目的比较奥沙利铂联合卡培他滨(XELOX) 方案与奥沙利铂联合氟尿嘧啶/亚叶酸钙(5-FU /LV) (FOLFOX4)方案治疗晚期结直肠癌的近期疗效和不良反应。方法 95例转移或复发晚期结直肠癌患者随机分为两组:奥沙利铂联合卡培他滨组(XELOX组) 47例, 奥沙利铂联合5-FU/LV组(FOLFOX4组) 48例。XELOX 组给予卡培他滨联合奥沙利铂方案化疗, 卡培他滨1000 mg/m², 口服, 2/d, 1～14 d+奥沙利铂130 mg/m², 静脉滴注, d₁;3周重复, 为一疗程。FOLFOX4组给予5-FU、LV 联合奥沙利铂方案化疗, 奥沙利铂85 mg/m², 静脉滴注, +LV 200 mg/m², d₁、d₂, 静脉滴注2 h后+5-FU 400 mg/m², 静脉推注, 后续600 mg/m²持续静脉滴注22 h, d₁、d₂, 2周重复, 4周为一疗程。两组均治疗两个疗程以上。按照RECIST标准评价疗效, 按照NCICTC 3.0评价毒性反应。结果 两组共95例均可评价疗效。XELOX组:完全缓解(CR) 4例, 部分缓解(PR) 19例, 有效率(CR+PR)为48.9%, 疾病控制率(DCR)为85.1%。FOLFOX4组: CR4例, PR20例, 有效率为50.0%, DCR为89.5%。所有不良反应都能耐受, XELOX 组消化道反应、血液学毒性、口腔炎、脱发、高胆红素血症的发生率显著低于FOLFOX4组(P<0.05); 两组周围神经毒性和血小板减少发生率相近; XELOX组的手足综合征发生率明显高于FOLFOX4组(P<0.05) , 但程度较轻, 主要为Ⅰ～Ⅱ度。结论 XELOX 方案与FOLFOX4方案治疗晚期结直肠癌疗效相近, 但XELOX方案用药更为方便, 住院时间短, 更具安全性, 节约住院费用, 值得临床使用。

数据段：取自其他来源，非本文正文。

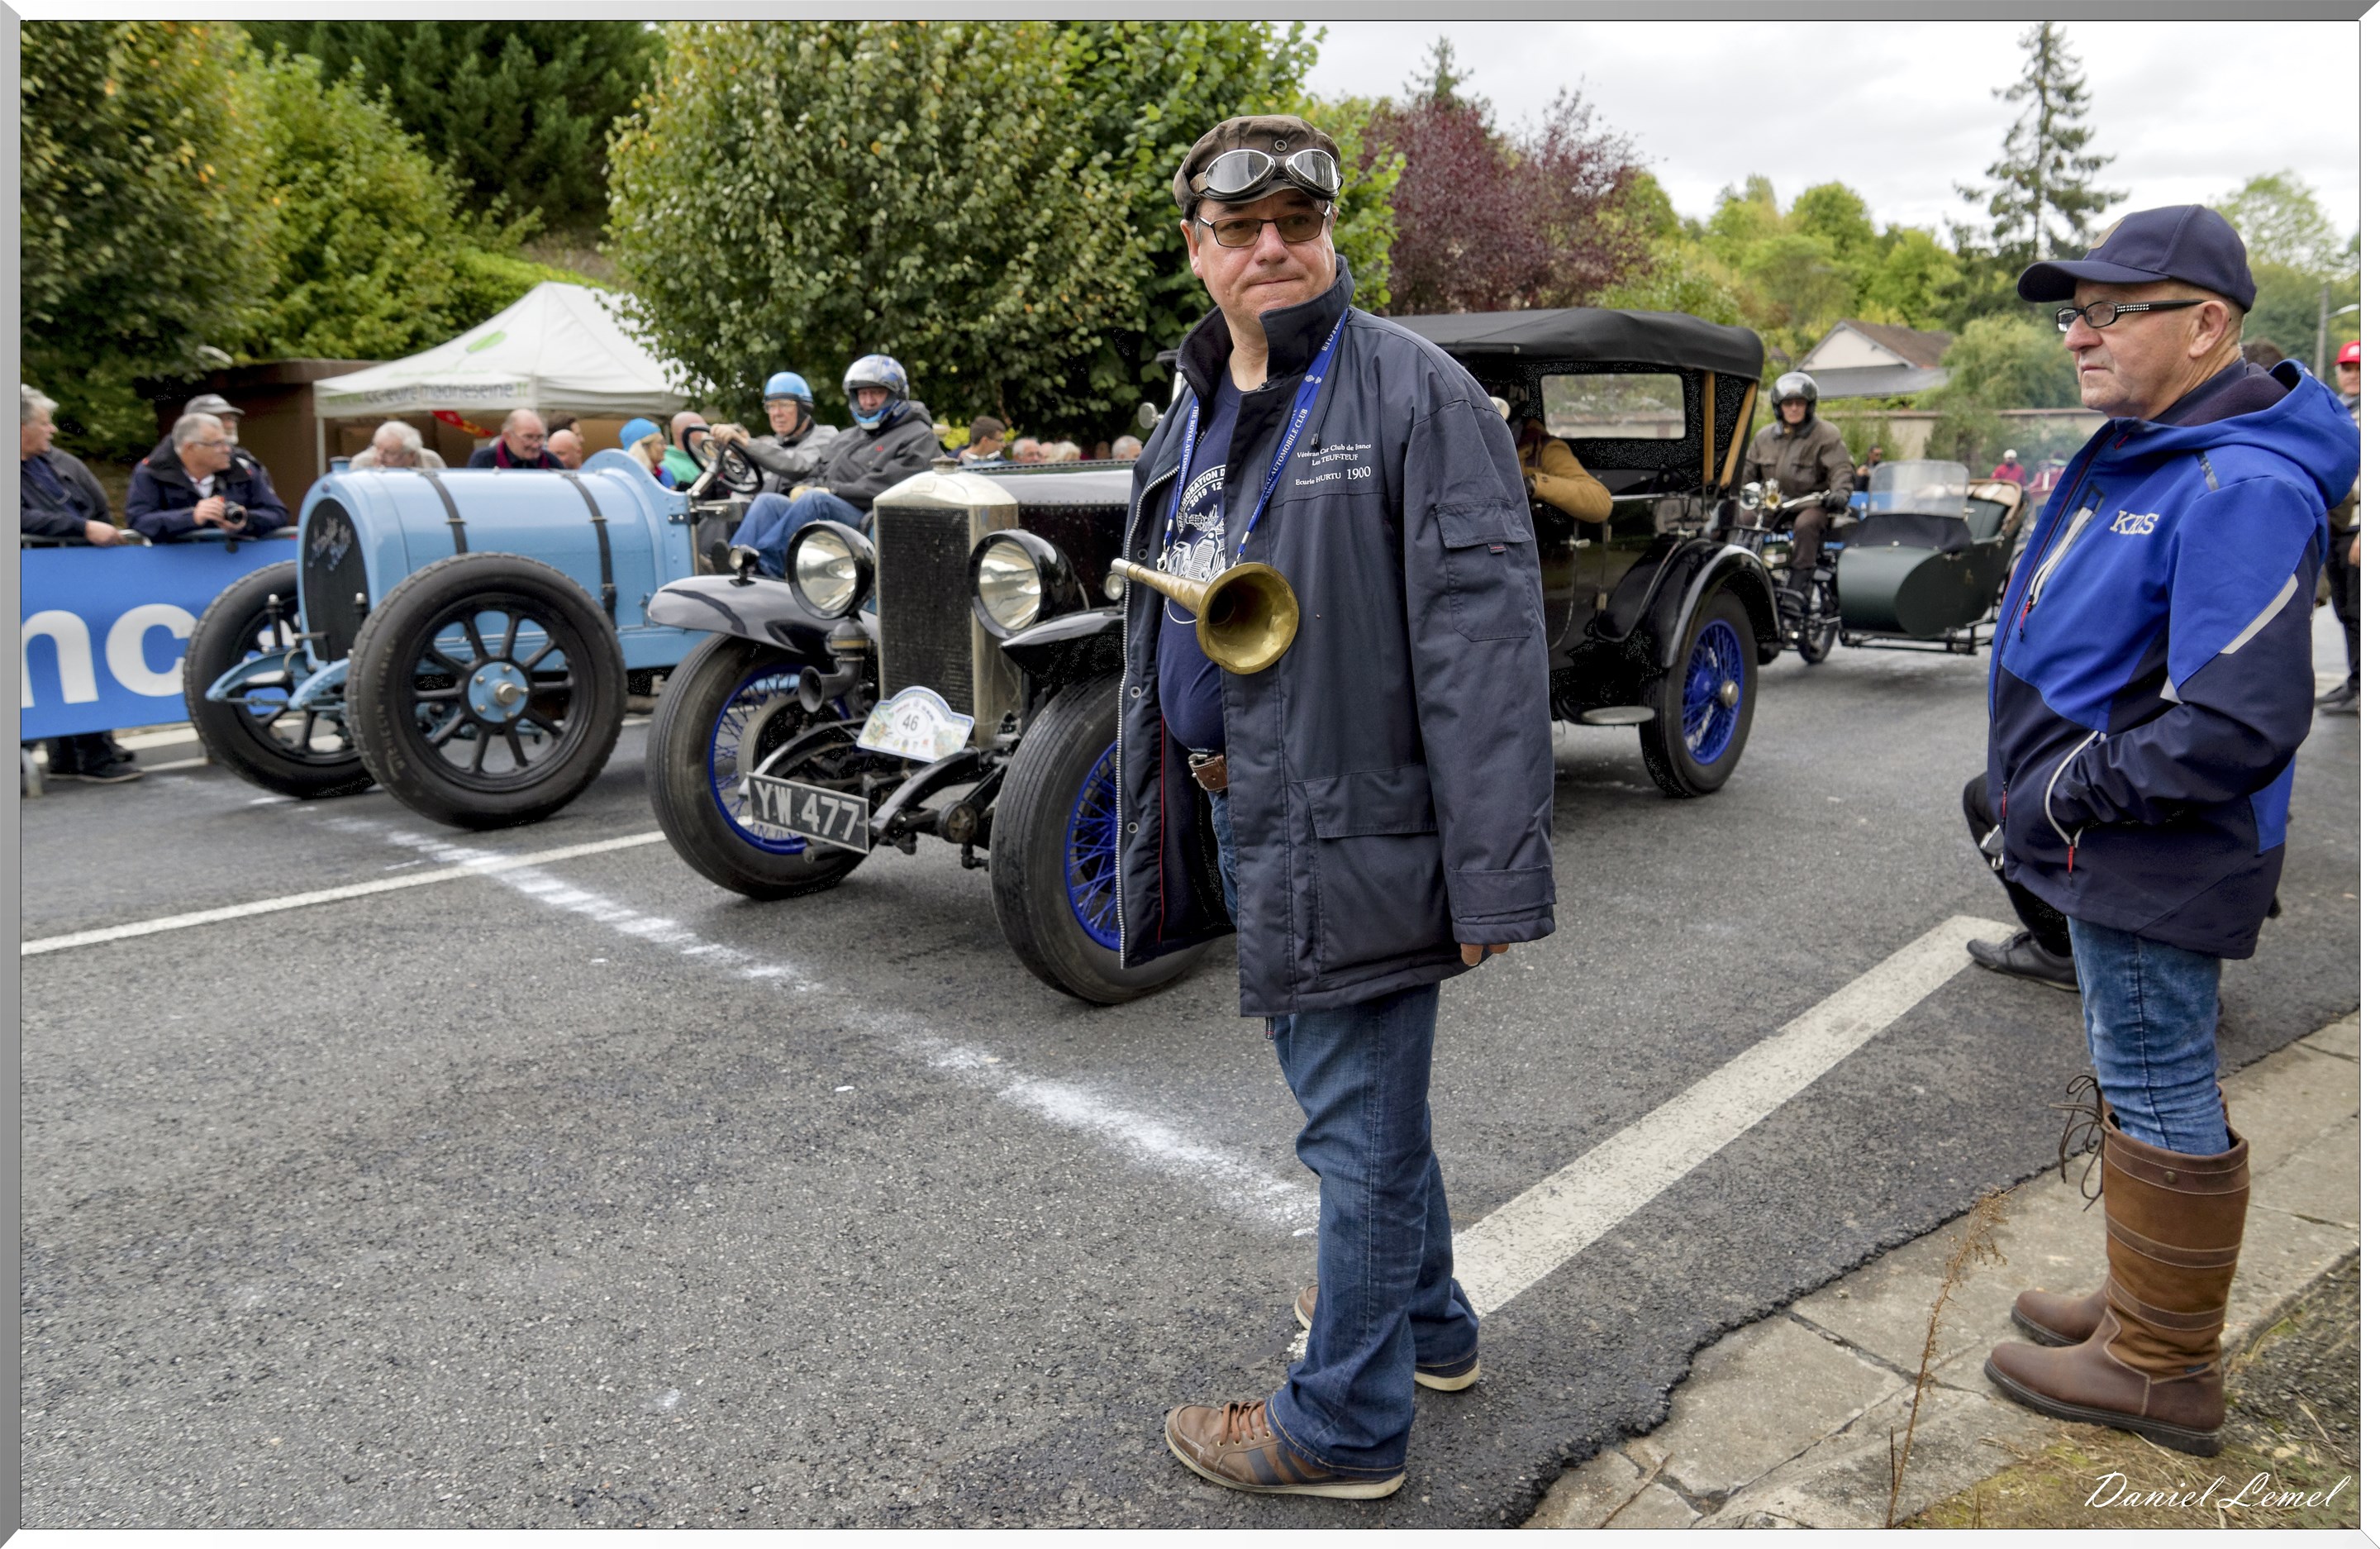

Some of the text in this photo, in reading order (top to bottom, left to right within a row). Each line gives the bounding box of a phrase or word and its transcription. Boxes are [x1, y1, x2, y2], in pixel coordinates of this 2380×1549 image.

[1186, 420, 1195, 444] ROYAL
[1271, 408, 1308, 476] AUTOMOBILE CLUB
[1321, 453, 1358, 463] TEUF-TEUF
[1316, 472, 1341, 483] HURTU
[1346, 466, 1371, 479] 1900
[1190, 488, 1207, 508] 2019
[902, 714, 919, 732] 46
[754, 780, 859, 841] YW 477

Objective To compare the efficacy and untoward reactions of capecitabine plus oxaliplatin (XELOX) regimen and oxaliplatin plus 5 - fluorouracil/leucovorin (5-FU/LV) (FOLFOX4) in the treatment of advanced colorectal cancer. Methods Totally 95 patients with metastatic and recurring colorectal cancer were enrolled into this study. Patients were randomly divided into XELOX (n=47) and FOLFOX4 (n=48) groups. Patients in XELOX group were treated with capecitabine 1 000 mg/m², p o, bid, for 14 days, and oxaliplatin 130 mg/m², ivgtt on d 1. Patients in FOLFOX4 group were treated with oxaliplatin 85 mg/m², ivgtt on d 1; LV 200 mg/m² ivgtt for 2 h followed by 5-FU 400 mg/m² (bolus) and 5-FU 600 mg/m² (22 h-coutinous in fusion), on d 1, 2. XELOX regimen was repeated every 3 weeks for one cycle; FOLFOX4 regimen was repeated every 2 weeks, and 4 weeks for one cycle. All patients received two cycles of chemotherapy or more. The toxicity was evaluated according to RECIST criteria, Karnofsky scores and NCICTC 3.O version criteria. Results All the 95 patients were available for evaluating objective response.In XELOX group, the overall response rate was 48. 9% (CR:4, PR:19), the disease control rate was 85.1%.In FOLFOX4 group, the overall response rate was 50.0% (CR:4, PR:20), the disease control rate was 89.5%; the toxicities were well tolerated.In XELOX group, the major side effects were gastrointestinal tract reactions, hematologic toxicity, stomatitis, alopecia; their incidence rates were significantly lower than those in FOLFOX4 group (P<0.05). The peripheral nerve toxicity and thrombocytopenia incidence rates were not significantly different between the two group. The incidence rate of hand-foot syndrome was higher in XELOX group than in FOLFOX4 group (P<0.05), but the severity was less (grade Ⅰ～Ⅱ). Conclusions The response rate is not markedly different between the two regimens.XELOX regimen is safer and its use is more convenient than FOLFOX4 regimen. Therefore, XELOX regimen is worth recommending as a first line therapy for the treatment of advanced colorectal cancer patients.